New Delhi, Dec 14 (Inditop.com) The 1984 anti-Sikh riots stirred passions in parliament Monday with speaker after speaker in the Rajya Sabha roundly condemning what Tarlochan Singh (Independent), who raised the issue through a calling attention motion, termed a “genocide”.

In contrast, the demand for a separate Gorkhaland state to be carved out of West Bengal brought senior Bharatiya Janata Party (BJP) veteran L.K. Advani and expelled party leader Jaswant Singh together in the Lok Sabha.

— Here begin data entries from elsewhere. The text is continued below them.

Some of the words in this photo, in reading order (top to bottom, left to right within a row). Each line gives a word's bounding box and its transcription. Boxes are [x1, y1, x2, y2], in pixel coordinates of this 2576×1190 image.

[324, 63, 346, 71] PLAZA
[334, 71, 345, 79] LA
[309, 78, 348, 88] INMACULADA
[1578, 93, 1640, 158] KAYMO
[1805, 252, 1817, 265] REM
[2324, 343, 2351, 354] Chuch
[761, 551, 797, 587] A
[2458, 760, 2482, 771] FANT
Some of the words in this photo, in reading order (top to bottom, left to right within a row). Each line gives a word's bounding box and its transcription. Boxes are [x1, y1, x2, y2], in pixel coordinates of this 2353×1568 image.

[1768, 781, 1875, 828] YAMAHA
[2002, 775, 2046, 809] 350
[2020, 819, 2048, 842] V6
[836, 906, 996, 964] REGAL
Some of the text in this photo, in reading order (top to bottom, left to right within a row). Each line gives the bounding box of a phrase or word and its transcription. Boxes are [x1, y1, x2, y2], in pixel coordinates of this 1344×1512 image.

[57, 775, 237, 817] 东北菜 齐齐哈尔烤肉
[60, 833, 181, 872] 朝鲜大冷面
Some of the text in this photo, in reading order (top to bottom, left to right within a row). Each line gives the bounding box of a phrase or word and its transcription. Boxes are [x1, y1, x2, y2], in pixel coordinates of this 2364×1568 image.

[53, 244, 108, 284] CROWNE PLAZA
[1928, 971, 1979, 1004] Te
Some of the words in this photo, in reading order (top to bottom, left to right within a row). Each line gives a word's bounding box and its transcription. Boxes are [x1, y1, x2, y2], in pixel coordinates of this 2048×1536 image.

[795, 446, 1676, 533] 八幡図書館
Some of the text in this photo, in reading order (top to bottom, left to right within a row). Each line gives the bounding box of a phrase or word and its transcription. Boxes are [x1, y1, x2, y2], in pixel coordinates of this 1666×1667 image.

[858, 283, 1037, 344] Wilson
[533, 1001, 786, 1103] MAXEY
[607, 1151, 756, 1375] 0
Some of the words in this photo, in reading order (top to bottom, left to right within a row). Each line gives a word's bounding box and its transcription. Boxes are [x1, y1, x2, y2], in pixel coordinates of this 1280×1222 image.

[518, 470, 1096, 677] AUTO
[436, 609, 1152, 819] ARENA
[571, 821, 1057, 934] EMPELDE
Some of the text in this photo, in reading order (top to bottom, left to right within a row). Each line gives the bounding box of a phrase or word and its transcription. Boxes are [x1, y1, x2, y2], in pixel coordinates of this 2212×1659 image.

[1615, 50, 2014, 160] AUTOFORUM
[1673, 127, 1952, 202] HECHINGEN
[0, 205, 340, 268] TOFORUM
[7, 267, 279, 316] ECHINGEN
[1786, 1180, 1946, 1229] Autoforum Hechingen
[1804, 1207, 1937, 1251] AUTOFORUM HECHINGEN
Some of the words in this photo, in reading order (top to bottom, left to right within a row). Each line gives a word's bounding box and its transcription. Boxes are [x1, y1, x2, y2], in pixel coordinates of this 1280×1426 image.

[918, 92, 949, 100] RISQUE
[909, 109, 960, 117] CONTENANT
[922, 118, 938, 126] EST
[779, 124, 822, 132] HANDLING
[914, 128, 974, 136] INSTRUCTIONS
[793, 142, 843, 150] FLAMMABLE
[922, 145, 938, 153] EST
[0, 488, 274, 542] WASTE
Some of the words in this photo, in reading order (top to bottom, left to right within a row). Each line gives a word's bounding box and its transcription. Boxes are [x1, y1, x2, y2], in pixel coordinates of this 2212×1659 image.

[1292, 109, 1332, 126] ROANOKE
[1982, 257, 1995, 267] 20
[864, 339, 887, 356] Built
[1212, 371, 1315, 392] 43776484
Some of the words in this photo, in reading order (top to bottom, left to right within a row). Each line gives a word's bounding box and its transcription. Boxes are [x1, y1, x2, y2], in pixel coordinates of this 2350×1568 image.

“It was a genocide akin to the holocaust Hitler unleashed against the Jews (during World War II),” an impassioned Tarlochan Singh said, calling for a separate Supreme Court committee on the riots.

“We want justice. How long do you want us to wait for justice?” he asked in response to Home Minister P. Chidambaram’s statement on his calling attention motion on the 1984 riots.

“The issue will never die down,” said Tarlochan Singh, a former member of the National Minorities Commission.

He lamented that police officers who looked the other way and failed to control the riots “have been given gallantry awards and promotions”.

Member after member spoke with equal passion as they condemned the lack of action against the perpetrators of the carnage that claimed the lives of over 3,000 Sikhs, among them women and children, throughout the country.

Among them were Leader of Opposition Arun Jaitley, S.S. Ahluwalia (both of Bharatiya Janata Party), Brinda Karat (Communist Party of India-Marxist), D. Raja (Communist Party of India), Naresh Gujral (Akali Dal) and Avtar Singh Karimpuri (Bahujan Samaj Party).

Apart from question hour and papers tabled, the issue dominated the day’s proceedings, beginning around 12.15 p.m. and stretching well into the evening.

Chidambaram, in his statement, said 41 people had been sentenced to life terms, two to five imprisonment of 10 years, 114 to three to five years imprisonment and 115 to jail terms below three years for their role in the riots.

“The government is taking all possible steps within the ambit of the law in consultation with the ministry of law to bring the guilty to book, wherever (the) Nanavati Commission has named any specific individual(s) as requiring further examination or specific cases requiring reopening and re-examination,” he said.

In the Lok Sabha, Leader of Opposition Advani responded positively to Darjeeling MP Jaswant Singh’s request to support his demand that the government take steps to end the hunger strike by activists seeking the creation of Gorkhaland.

Recalling his three-decade long association with Advani and addressing the BJP MPs as his “former colleagues” during zero hour, Jaswant Singh said: “I appeal to my former colleagues to join me in my appeal to the government.”

“In our manifesto, we have mentioned it (a separate Gorkhaland state). In the evening a delegation will meet me,” Advani said in the house, addressing the Darjeeling MP as “my colleague”.

Meanwhile, Minister of State for Health Dinesh Trivedi told the Lok Sabha that the government will adopt a three-pronged strategy, including an “election type” house-to-house campaign, to contain Japanese Encephalitis (JE) infection that claimed 560 lives in Uttar Pradesh this year.

In a significant statement in the Rajya Sabha, Law Minister M. Veerappa Moily said people with a “shady character” should not become judges, adding the government would introduce a legislation to tighten existing laws and make the judiciary more accountable.

During the Question Hour, Moily said that the Judges (Standards and Accountability) Bill would be introduced “maybe in the last days of the (current) session (that lasts till Dec 21)” and admitted the existing Judges (Enquiry) Act of 1968 “needs to be revisited”.

In a separate development, 75 non-Congress Rajya Sabha MPs submitted a notice to Chairman Hamid Ansari seeking Karnataka Chief Justice P.D. Dinakaran’s impeachment.

Informed sources said that should the notice be accepted, a three-member committee would be set up to take procedural steps to remova Dinakaran, who is facing accusations of land grabbing and accumulating wealth beyond his known sopurces of income.